Source material section start
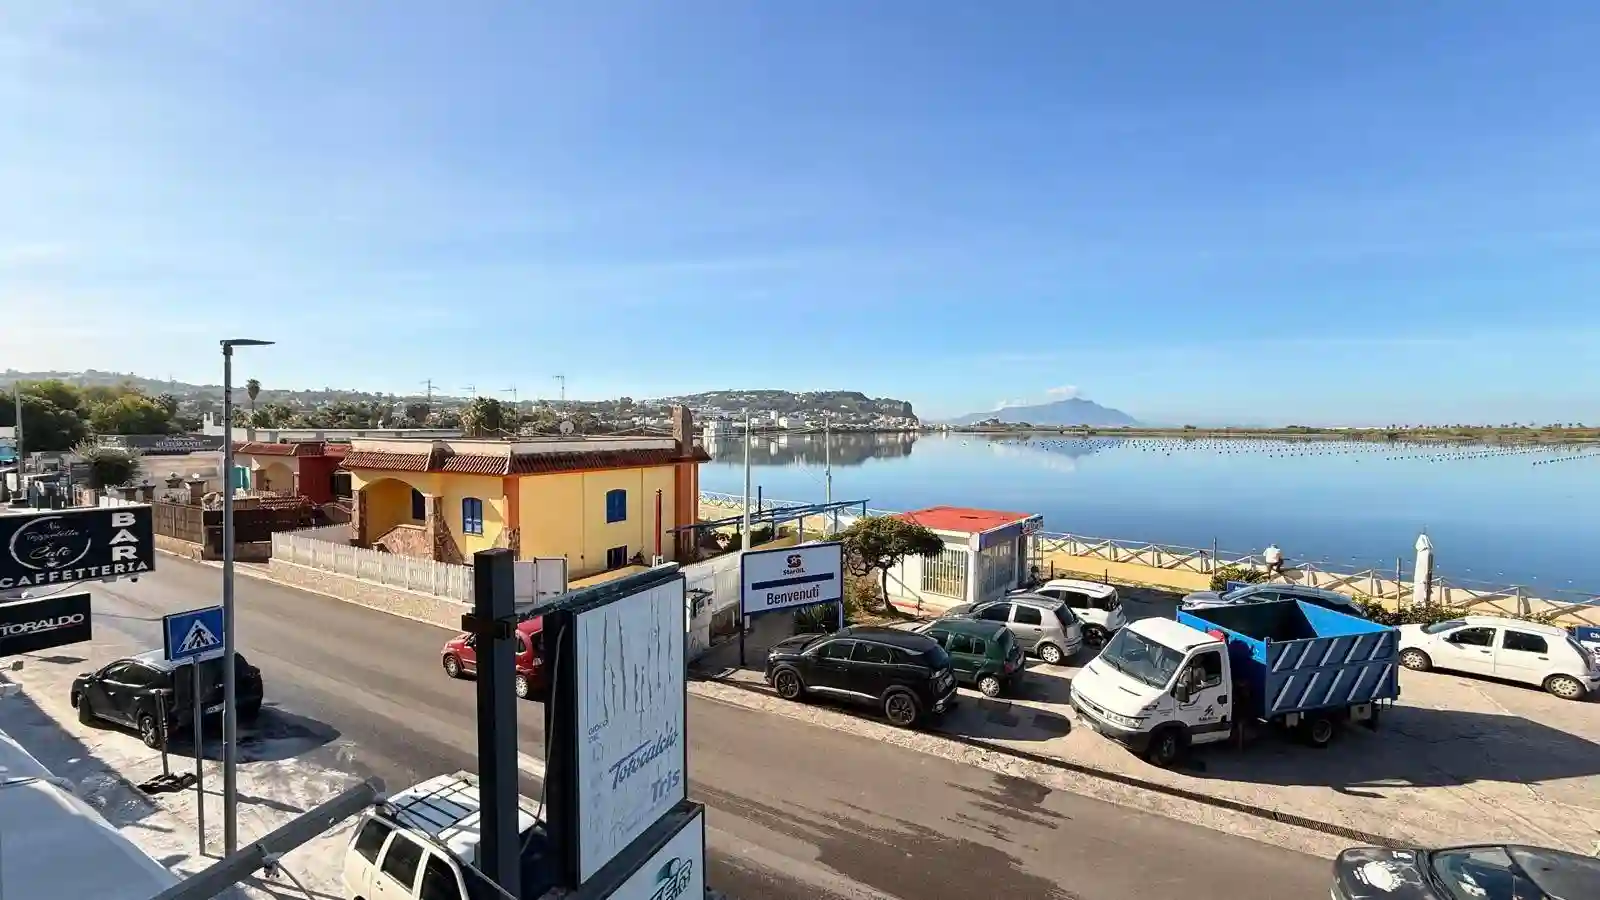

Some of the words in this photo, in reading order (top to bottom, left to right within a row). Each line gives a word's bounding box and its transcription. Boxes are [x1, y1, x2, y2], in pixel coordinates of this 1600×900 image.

[109, 512, 139, 562] BAR
[0, 561, 148, 588] CAFFETTERIA
[767, 585, 820, 605] Benvenuti
[0, 613, 84, 636] TORALDO
[651, 768, 680, 802] Tris
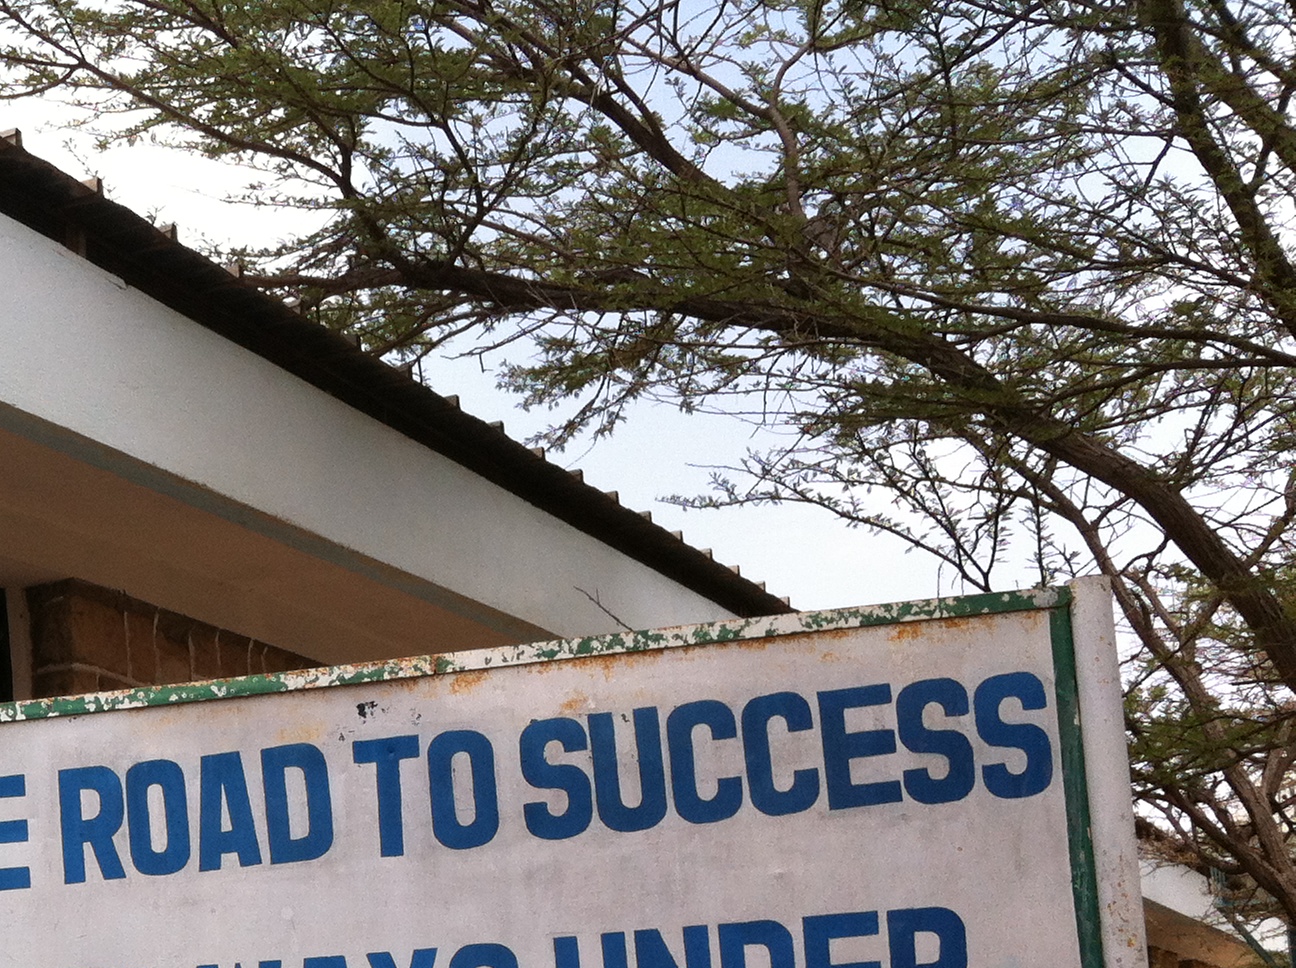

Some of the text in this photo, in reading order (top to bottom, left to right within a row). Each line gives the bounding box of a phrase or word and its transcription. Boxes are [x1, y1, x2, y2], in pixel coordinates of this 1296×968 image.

[59, 743, 334, 885] ROAD
[353, 729, 499, 858] TO
[522, 671, 1053, 841] SUCCESS
Source material section end
Line by line, print the records exactly, leaving the pictures behind.

-- Response area --
Some of the words in this photo, in reading order (top to bottom, left to right within a row). Each line gives a word's bounding box and its transcription. Boxes are [x1, y1, x2, y2], in pixel coordinates of this 1600×900 image.

[109, 512, 139, 562] BAR
[0, 561, 148, 588] CAFFETTERIA
[767, 585, 820, 605] Benvenuti
[0, 613, 84, 636] TORALDO
[651, 768, 680, 802] Tris

Some of the text in this photo, in reading order (top to bottom, left to right within a row). Each line gives the bounding box of a phrase or word and its transcription. Boxes are [x1, y1, x2, y2], in pixel coordinates of this 1296×968 image.

[59, 743, 334, 885] ROAD
[353, 729, 499, 858] TO
[522, 671, 1053, 841] SUCCESS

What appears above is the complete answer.